工程(1)で用いる水性液体は、典型的には水であり、精製水、水道水、井戸水等を用いることができる。水には、本発明の効果を阻害しない範囲で塩等の調味料を加えてもよい。調味料を加える場合、その添加量は水中で1質量%以下であることが、最終的に得られる粥で調味料の味が強くなりすぎず出汁の風味が引き立つ点で好ましい。
【0013】
ここで、上述したように、工程(1)は、「野菜類を茹でる」ことによって煮汁1、即ち野菜出汁を得る工程である。従って、野菜類に由来する出汁であっても、市販の粉末出汁又は濃縮出汁の形態の野菜スープの素を水で希釈したものをそのまま煮汁とみなすことは、工程(1)、即ち煮汁1を得ることには該当しない。

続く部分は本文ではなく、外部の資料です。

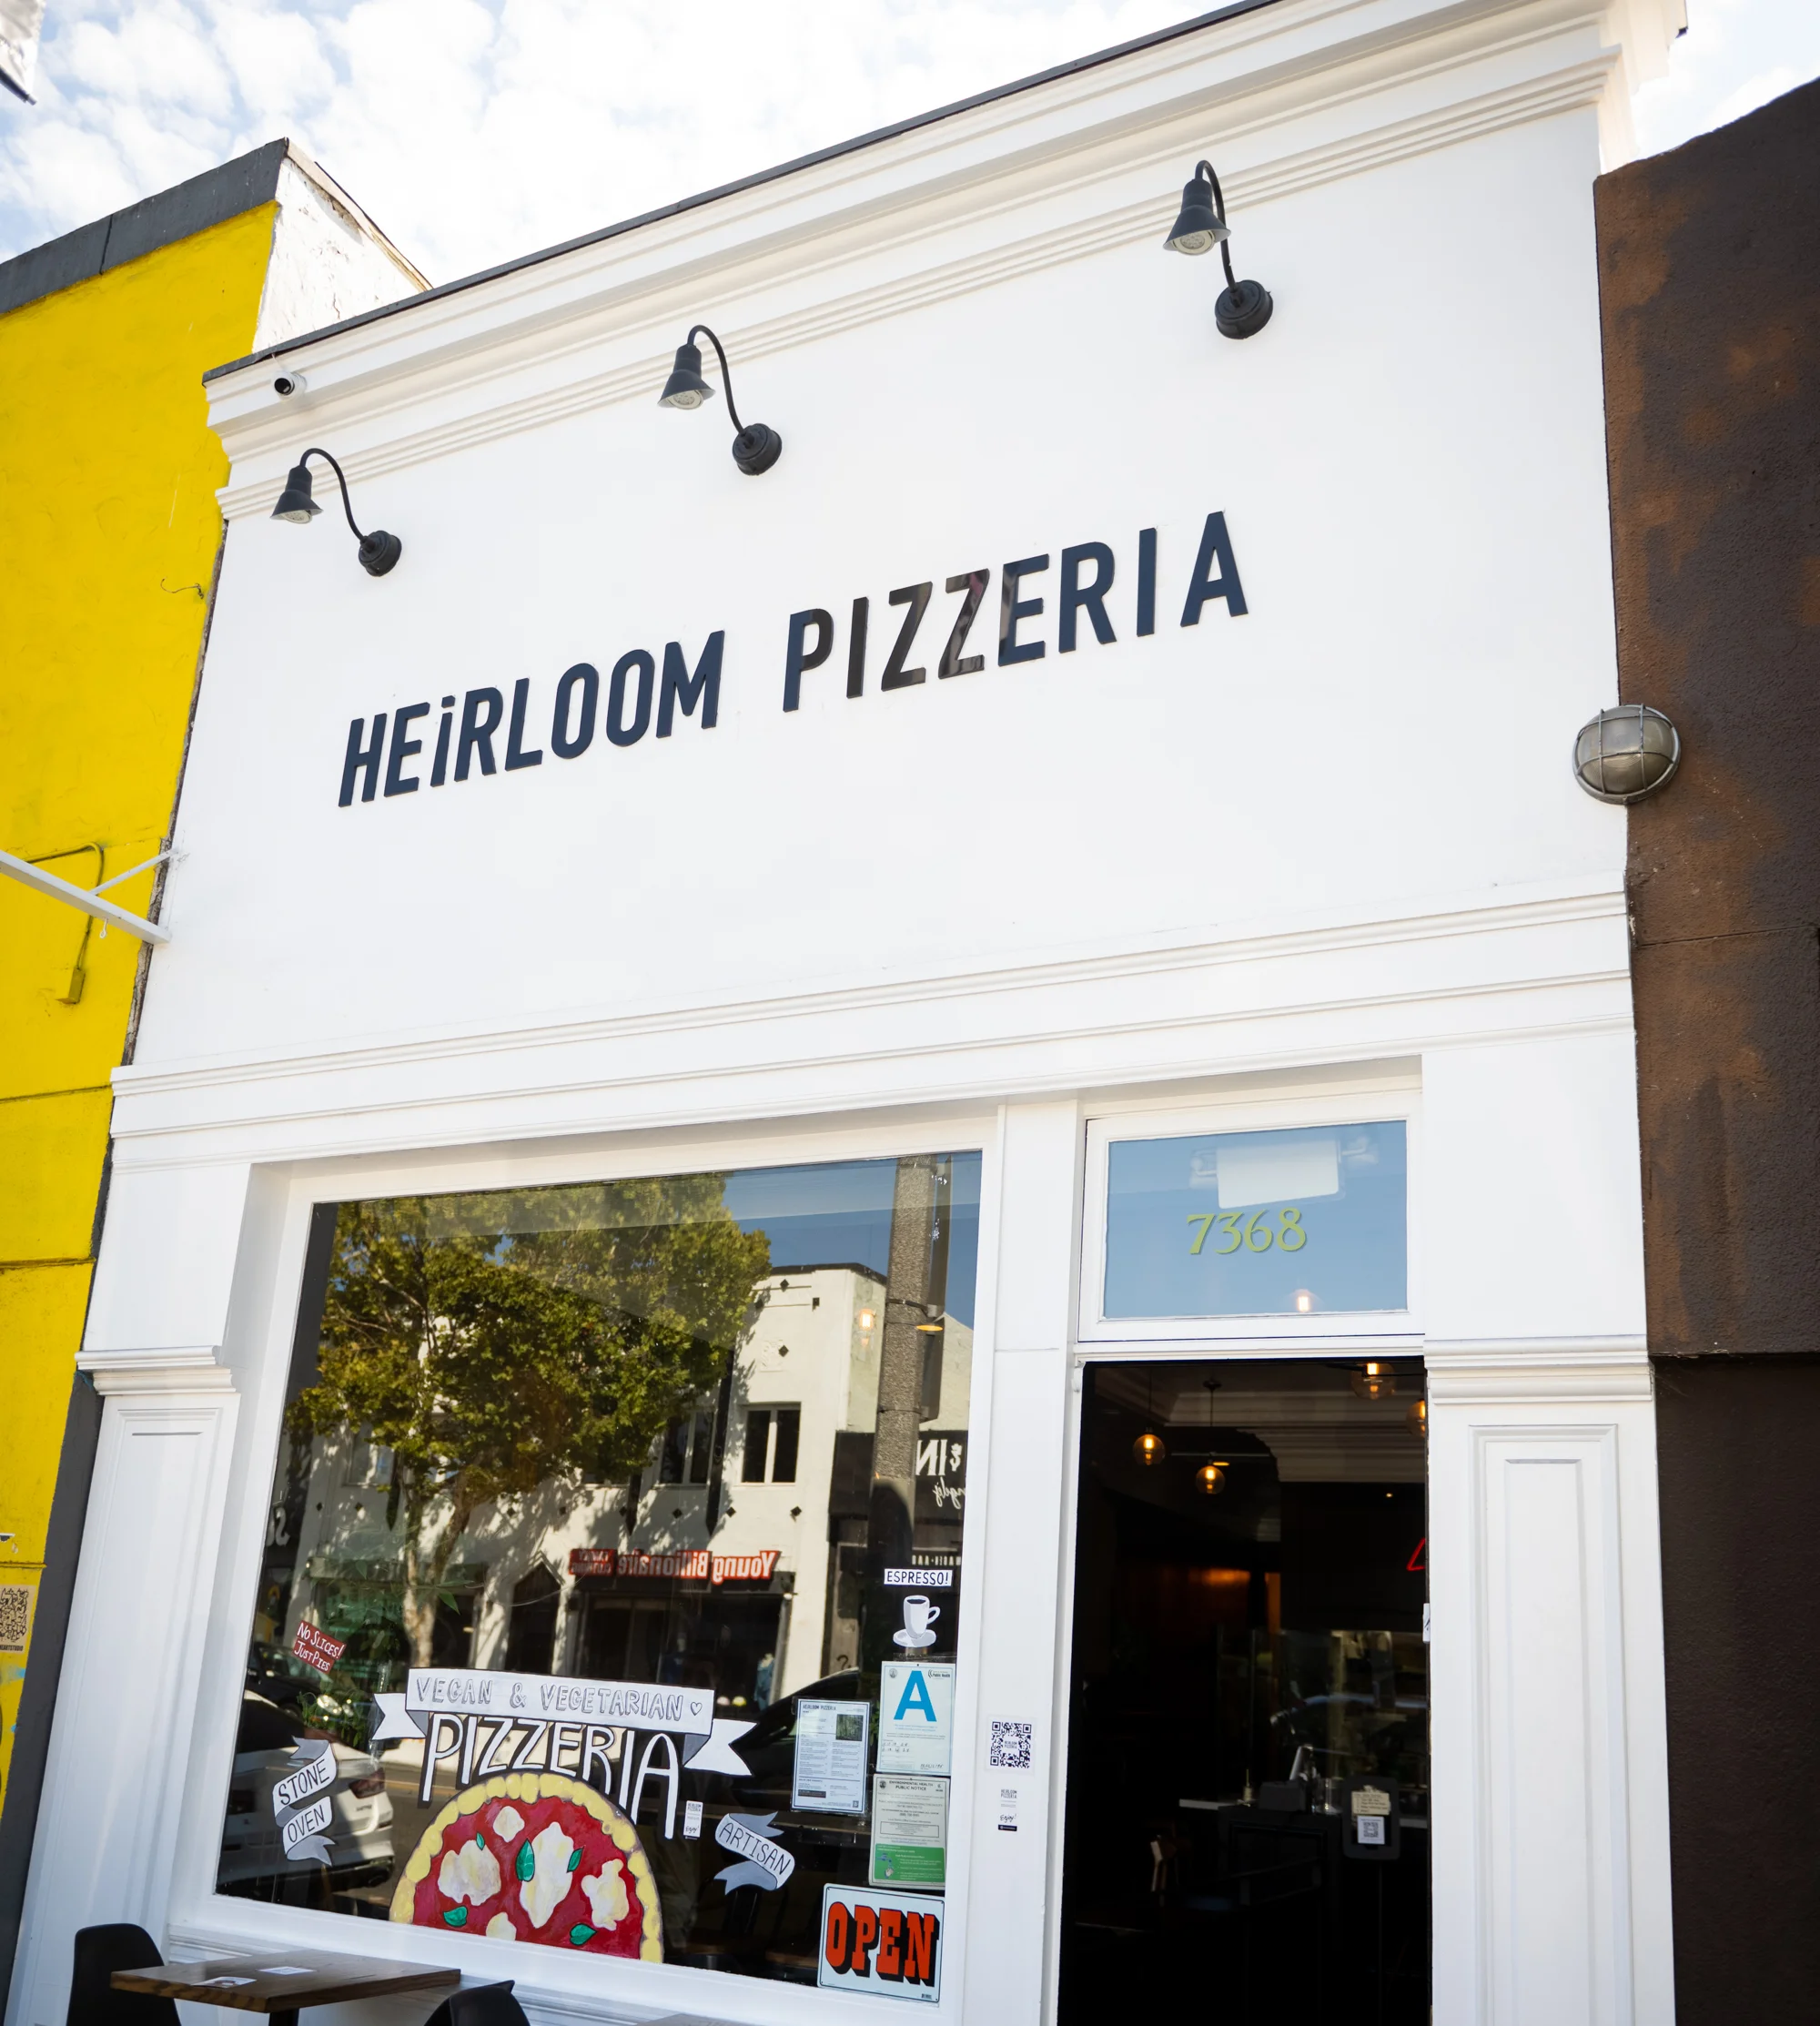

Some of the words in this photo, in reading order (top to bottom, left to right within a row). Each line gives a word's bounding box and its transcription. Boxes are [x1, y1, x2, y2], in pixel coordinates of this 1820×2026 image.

また、本発明は、出汁をとる素材の使用順序に特徴がある。具体的には、第1の形態では、出汁をとる素材として、先ず野菜類を使用し、次に肉類を使用するという点に特徴がある。従って、工程(1)で野菜類を茹でるために用いる水性液体として、各種の出汁、例えば、予め昆布類、かつお節又は煮干し等から水出ししておいた出汁や、市販の粉末出汁又は濃縮出汁(例えば、カツオとコンブのだしの素、鶏がらスープの素、野菜スープの素等)を水に溶かしたもの等は、採用しない。
【0014】
工程(1)で用いる野菜類としては、特に制限されないが、出汁用野菜として汎用されているものが好ましく、例えば根菜類、葉菜類及び茎菜類、より具体的には、タマネギ、ニンジン、セロリ、キャベツ等が挙げられるほか、ジャガイモ等のイモ類、キノコ類、昆布類等も、本発明では野菜類に含まれるものとする。これらの野菜類は、1種を単独で又は2種以上を組み合わせて用いることができ、中でも、タマネギ、ニンジン、セロリ、キャベツ及びジャガイモからなる群から選択される1種以上が好ましい。また、これらの野菜類は、そのまま切らずに用いてもよいし、必要に応じて切断等してから用いてもよく、種類によって、皮を付けたまま用いても又は皮を除去してから用いてもよい。野菜類は、固液分離可能な程度に切断された状態、特に、千切り、くし切り、短冊切り等、断面が多い状態にして用いると、比較的短時間の茹で操作によっても十分に出汁をとることができるため好ましい。
【0015】
茹で操作は、野菜出汁をとるための常法で行えばよい。例えば、鍋に張った水性液体を90℃~沸騰になるまで加熱し、野菜類を投入して水温を80~98℃に調節しながら、10秒~12時間、好ましくは30秒~6時間、さらに好ましくは3分~1時間茹でればよい。茹で時間は、用いる野菜の種類や状態等に応じて適宜決定すればよく、例えば、切らずに丸ごとの根菜類を用いる場合は茹で時間を長めに設定し、火が通りやすい状態に切断された野菜類や、昆布類のように短時間の加熱が常法であるものを用いる場合は、茹で時間を短めに設定すればよい。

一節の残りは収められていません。